Your assignment
Transcribe each line of the records below exactly, excluding any embedded images.

==========

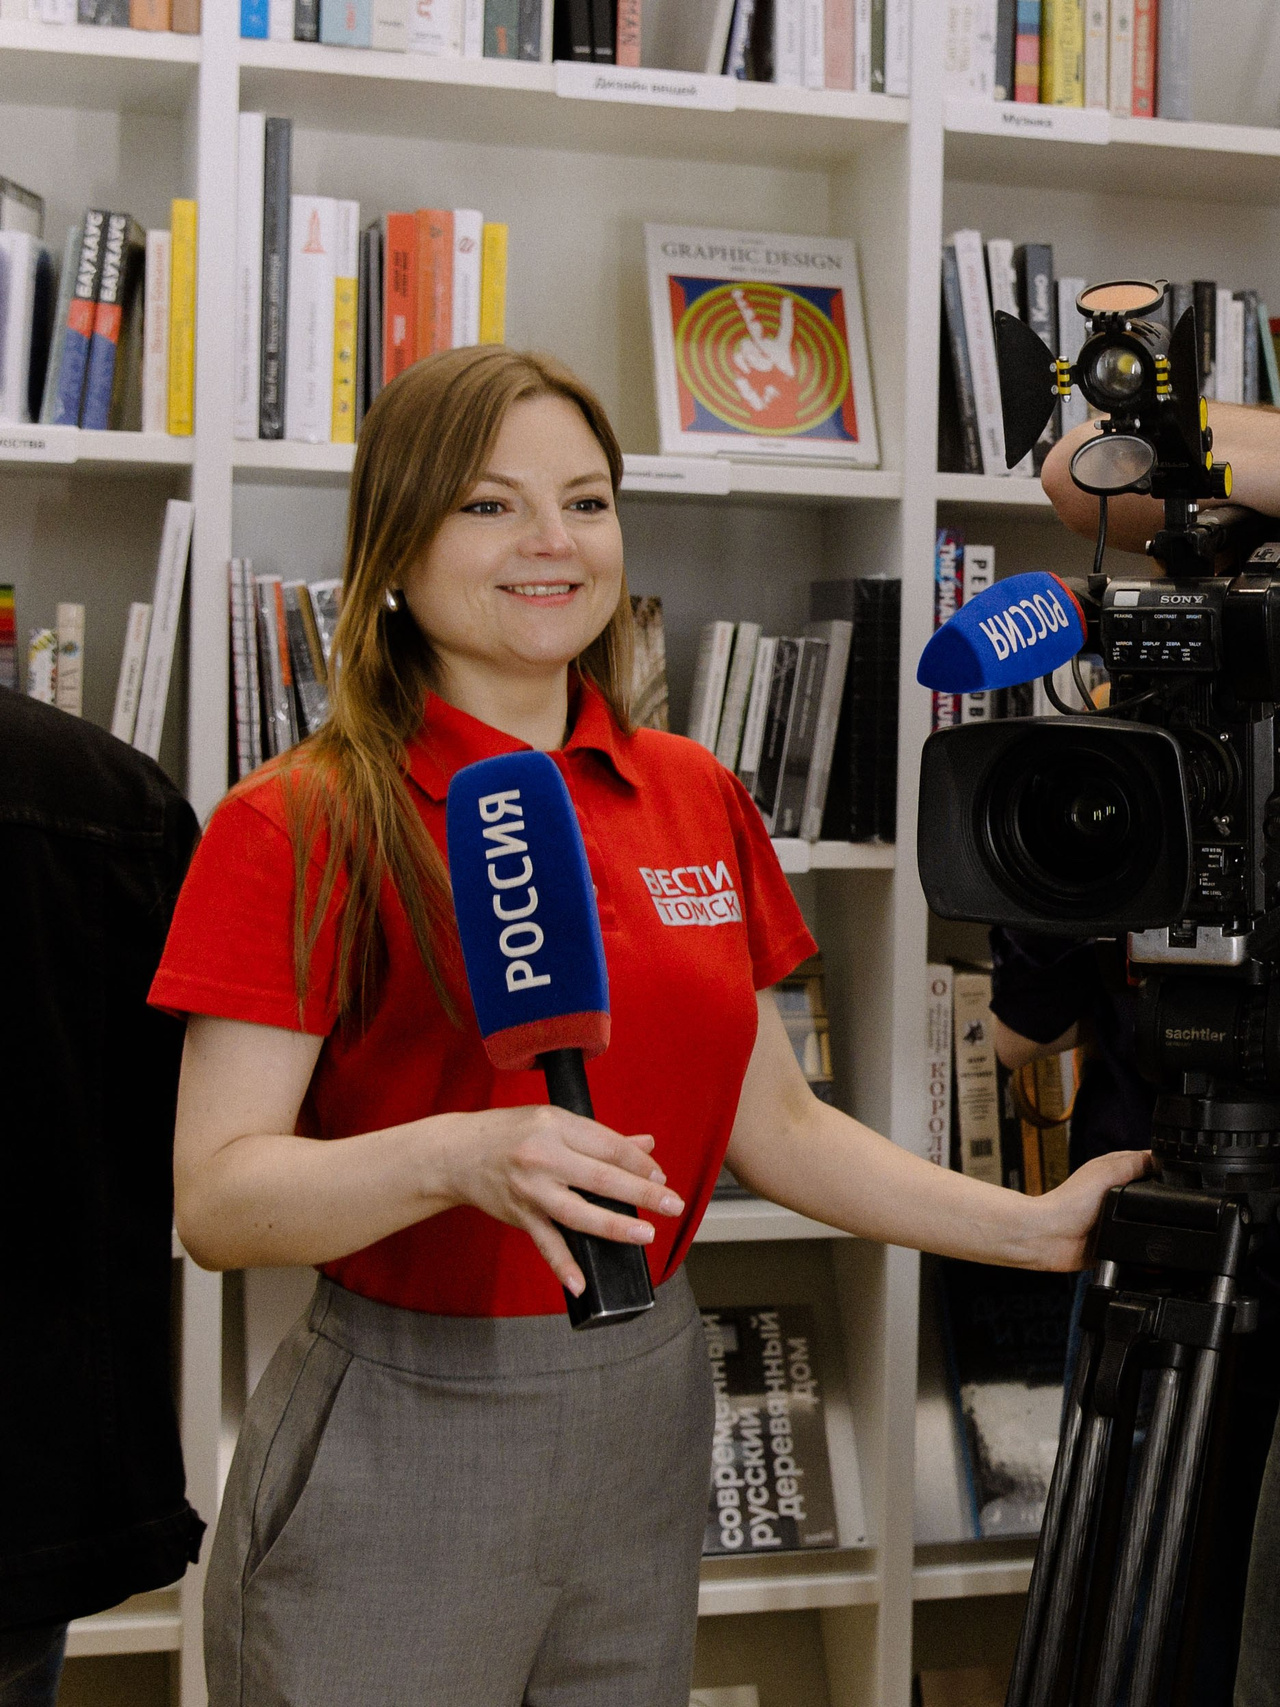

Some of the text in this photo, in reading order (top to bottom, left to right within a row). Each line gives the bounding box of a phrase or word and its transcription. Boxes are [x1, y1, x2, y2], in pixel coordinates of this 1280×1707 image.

[1002, 112, 1055, 129] Музыка
[75, 210, 104, 299] БАУХАУС
[99, 214, 126, 303] БАУХАУС
[661, 240, 761, 266] GRAPHIC
[765, 249, 843, 271] DESIGN
[940, 543, 957, 577] THE
[979, 590, 1068, 661] РОССИЯ
[1160, 594, 1204, 605] SONY
[479, 789, 551, 992] РОССИЯ
[639, 860, 734, 897] ВЕСТИ
[659, 895, 741, 921] ТОМСК
[1165, 1026, 1227, 1043] sachtler
[786, 1336, 821, 1405] дом
[701, 1313, 746, 1550] современный
[750, 1311, 808, 1521] деревянный
[730, 1406, 782, 1548] русский
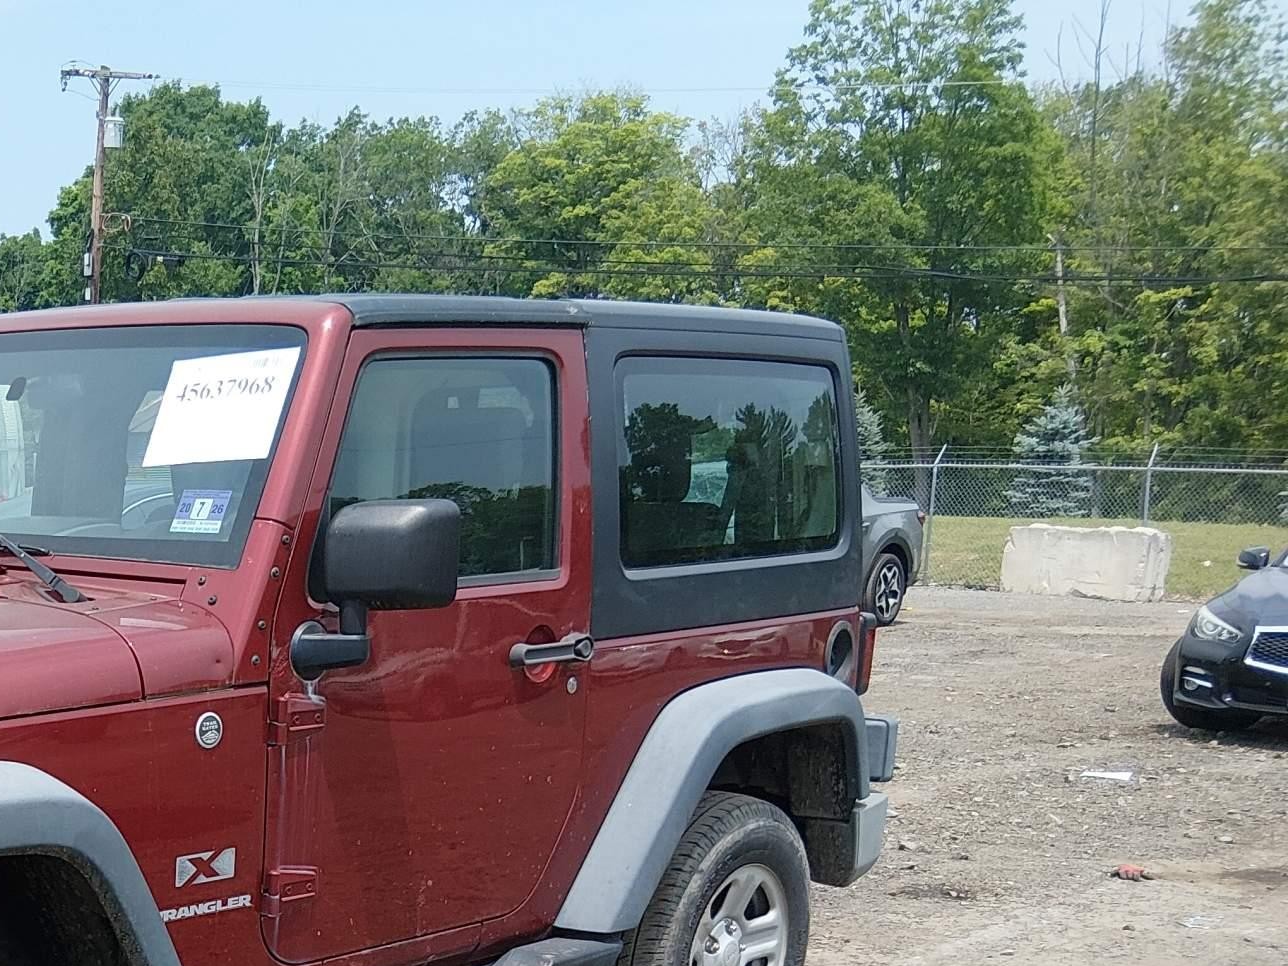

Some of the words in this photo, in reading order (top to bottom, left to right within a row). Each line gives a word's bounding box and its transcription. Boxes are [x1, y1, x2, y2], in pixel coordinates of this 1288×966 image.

[176, 375, 275, 403] 45637968
[179, 502, 192, 513] 20
[196, 501, 206, 518] 7
[210, 504, 225, 514] 26
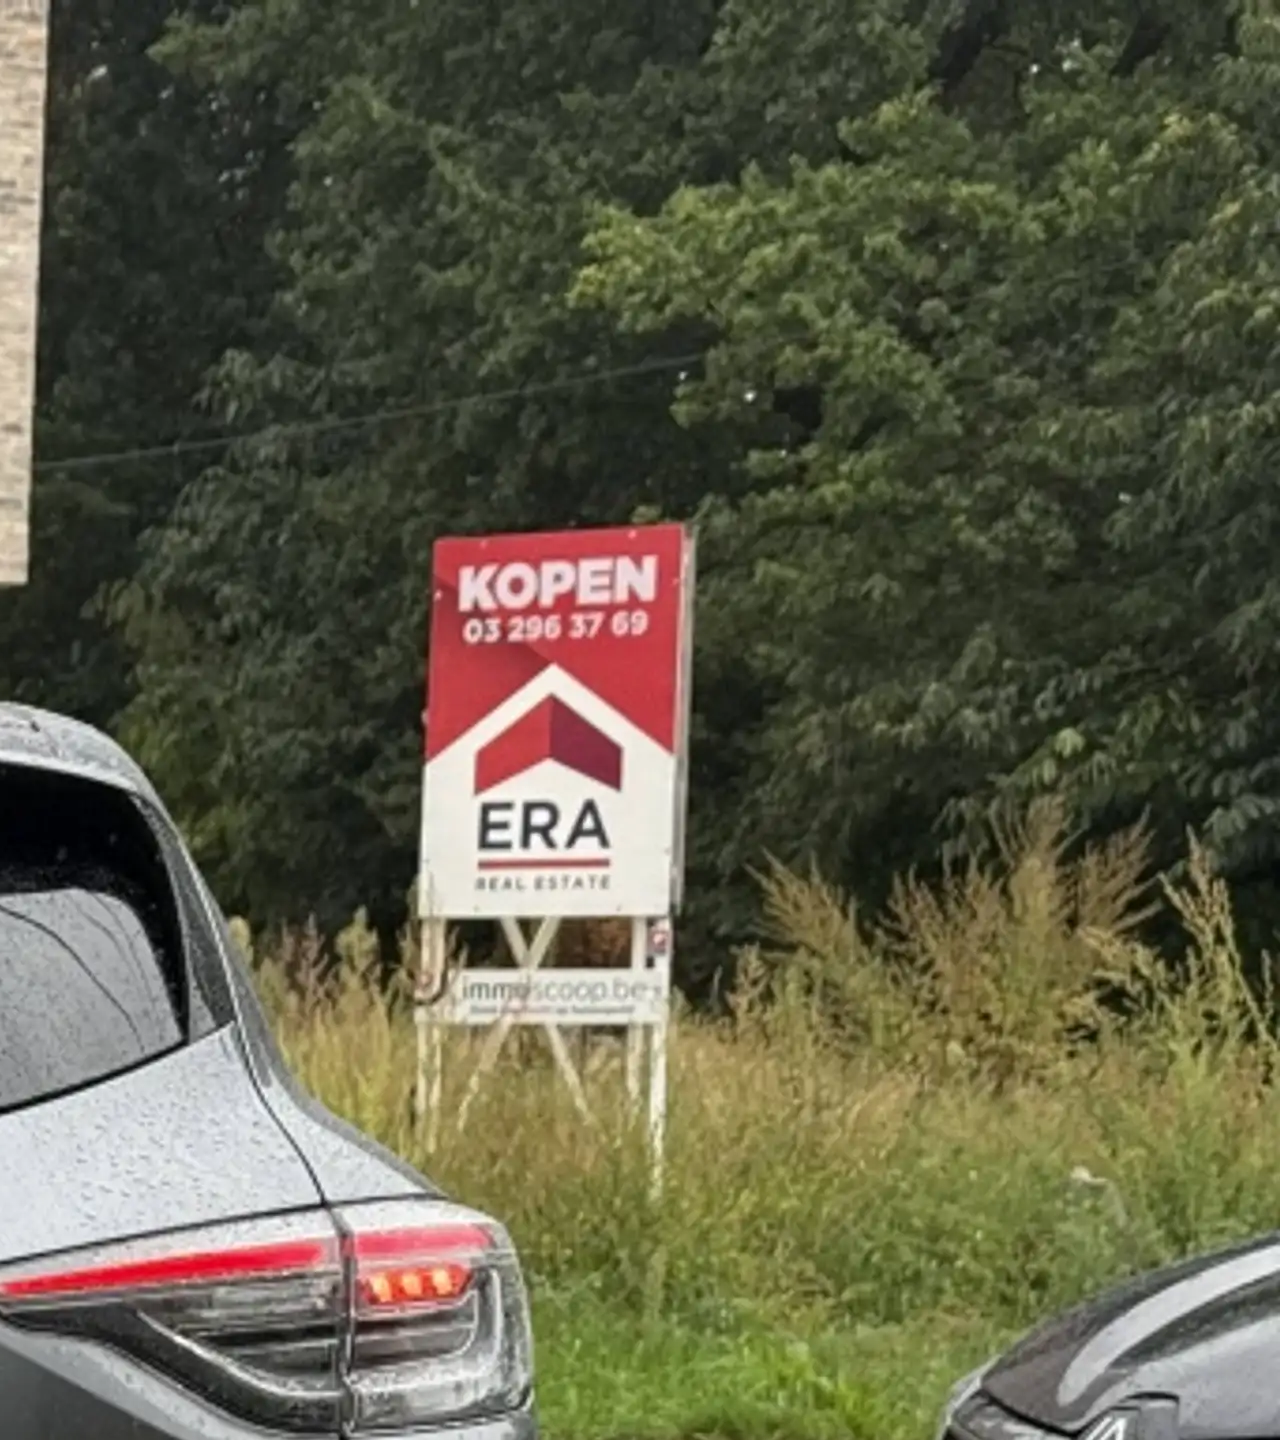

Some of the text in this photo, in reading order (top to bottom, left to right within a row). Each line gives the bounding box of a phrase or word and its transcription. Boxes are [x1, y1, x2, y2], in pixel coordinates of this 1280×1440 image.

[458, 554, 659, 612] KOPEN
[462, 609, 650, 644] 03 296 37 69
[477, 798, 611, 850] ERA
[474, 873, 611, 891] REAL ESTATE
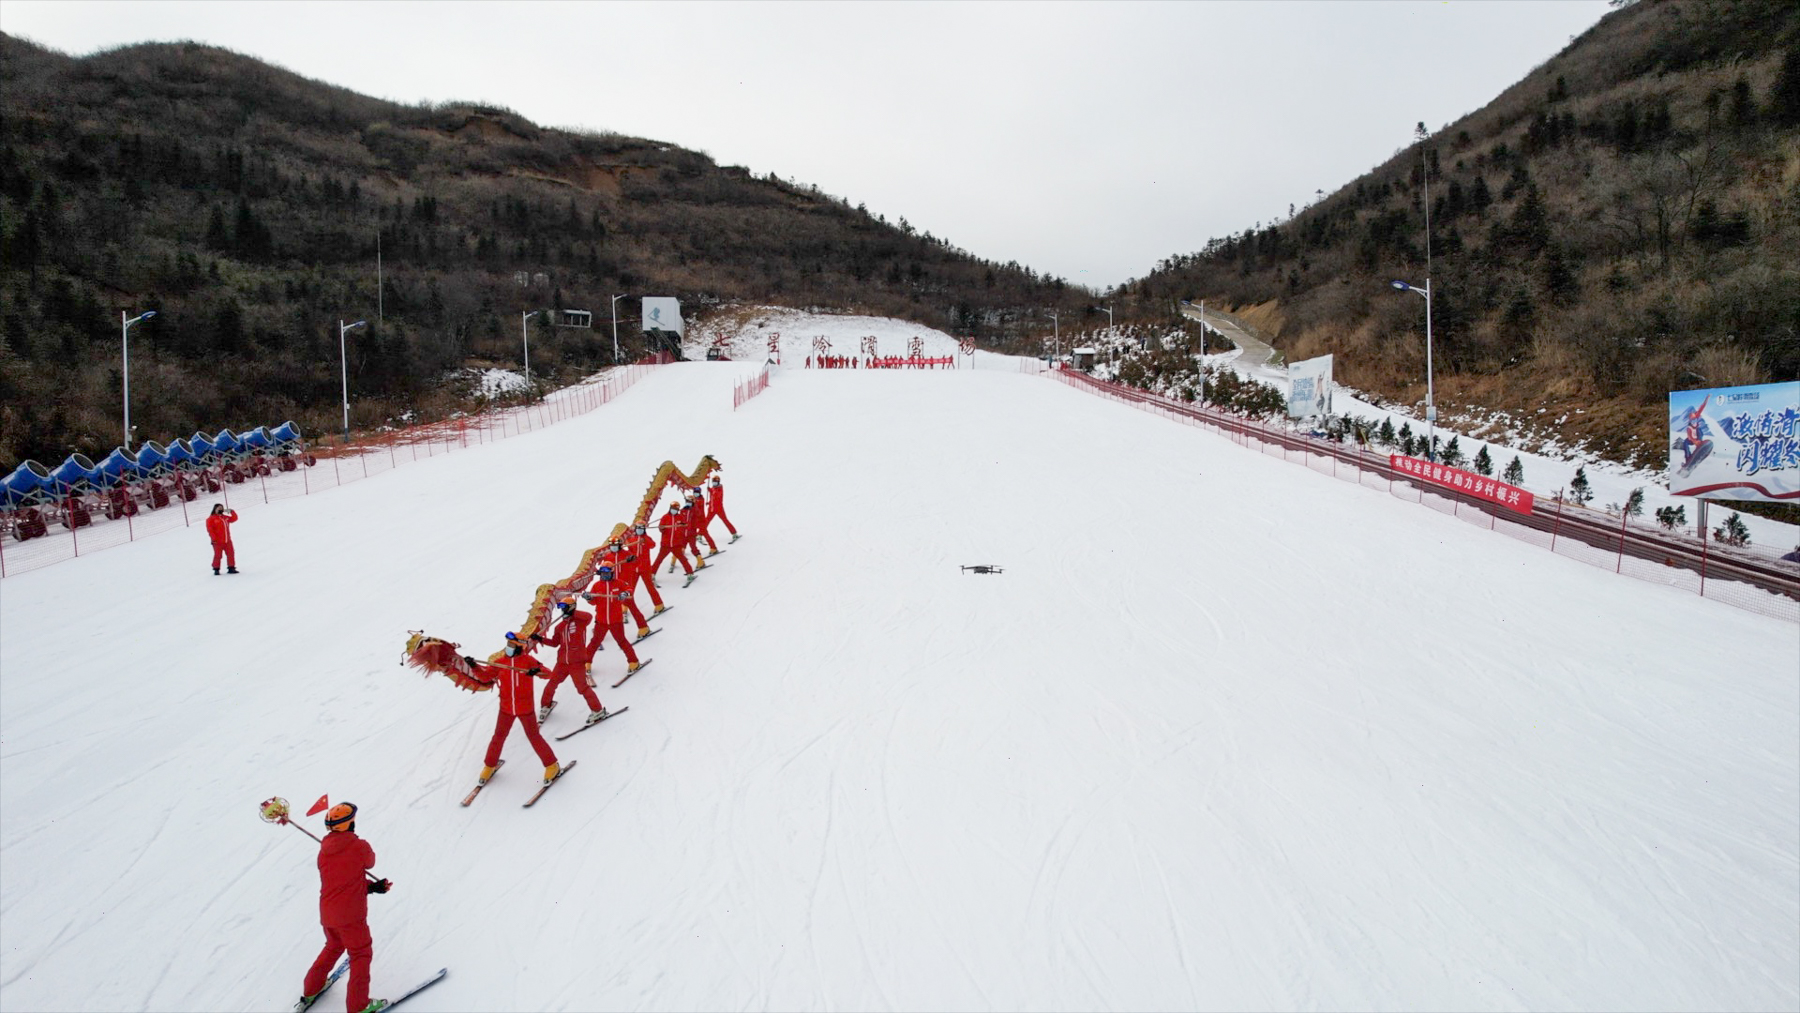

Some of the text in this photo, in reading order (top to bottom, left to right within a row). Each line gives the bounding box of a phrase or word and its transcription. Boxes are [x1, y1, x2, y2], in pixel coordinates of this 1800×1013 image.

[1395, 457, 1520, 505] 推动全民健身助力乡村振兴

==========

Exercise result
Some of the text in this photo, in reading order (top to bottom, left to right within a row). Each line gives the bounding box of a phrase or word and its transcription. Boxes are [x1, y1, x2, y2], in pixel coordinates of this 1280×1707 image.

[1002, 112, 1055, 129] Музыка
[75, 210, 104, 299] БАУХАУС
[99, 214, 126, 303] БАУХАУС
[661, 240, 761, 266] GRAPHIC
[765, 249, 843, 271] DESIGN
[940, 543, 957, 577] THE
[979, 590, 1068, 661] РОССИЯ
[1160, 594, 1204, 605] SONY
[479, 789, 551, 992] РОССИЯ
[639, 860, 734, 897] ВЕСТИ
[659, 895, 741, 921] ТОМСК
[1165, 1026, 1227, 1043] sachtler
[786, 1336, 821, 1405] дом
[701, 1313, 746, 1550] современный
[750, 1311, 808, 1521] деревянный
[730, 1406, 782, 1548] русский

Some of the words in this photo, in reading order (top to bottom, left to right within a row). Each line gives a word's bounding box and its transcription. Boxes are [x1, y1, x2, y2], in pixel coordinates of this 1288×966 image.

[176, 375, 275, 403] 45637968
[179, 502, 192, 513] 20
[196, 501, 206, 518] 7
[210, 504, 225, 514] 26

Some of the text in this photo, in reading order (top to bottom, left to right within a row). Each line gives the bounding box of a phrase or word and its transcription. Boxes are [x1, y1, x2, y2], in pixel coordinates of this 1280×1440 image.

[458, 554, 659, 612] KOPEN
[462, 609, 650, 644] 03 296 37 69
[477, 798, 611, 850] ERA
[474, 873, 611, 891] REAL ESTATE

Some of the text in this photo, in reading order (top to bottom, left to right within a row). Each line gives the bounding box of a phrase or word and its transcription. Boxes are [x1, y1, x2, y2], in pixel coordinates of this 1800×1013 image.

[1395, 457, 1520, 505] 推动全民健身助力乡村振兴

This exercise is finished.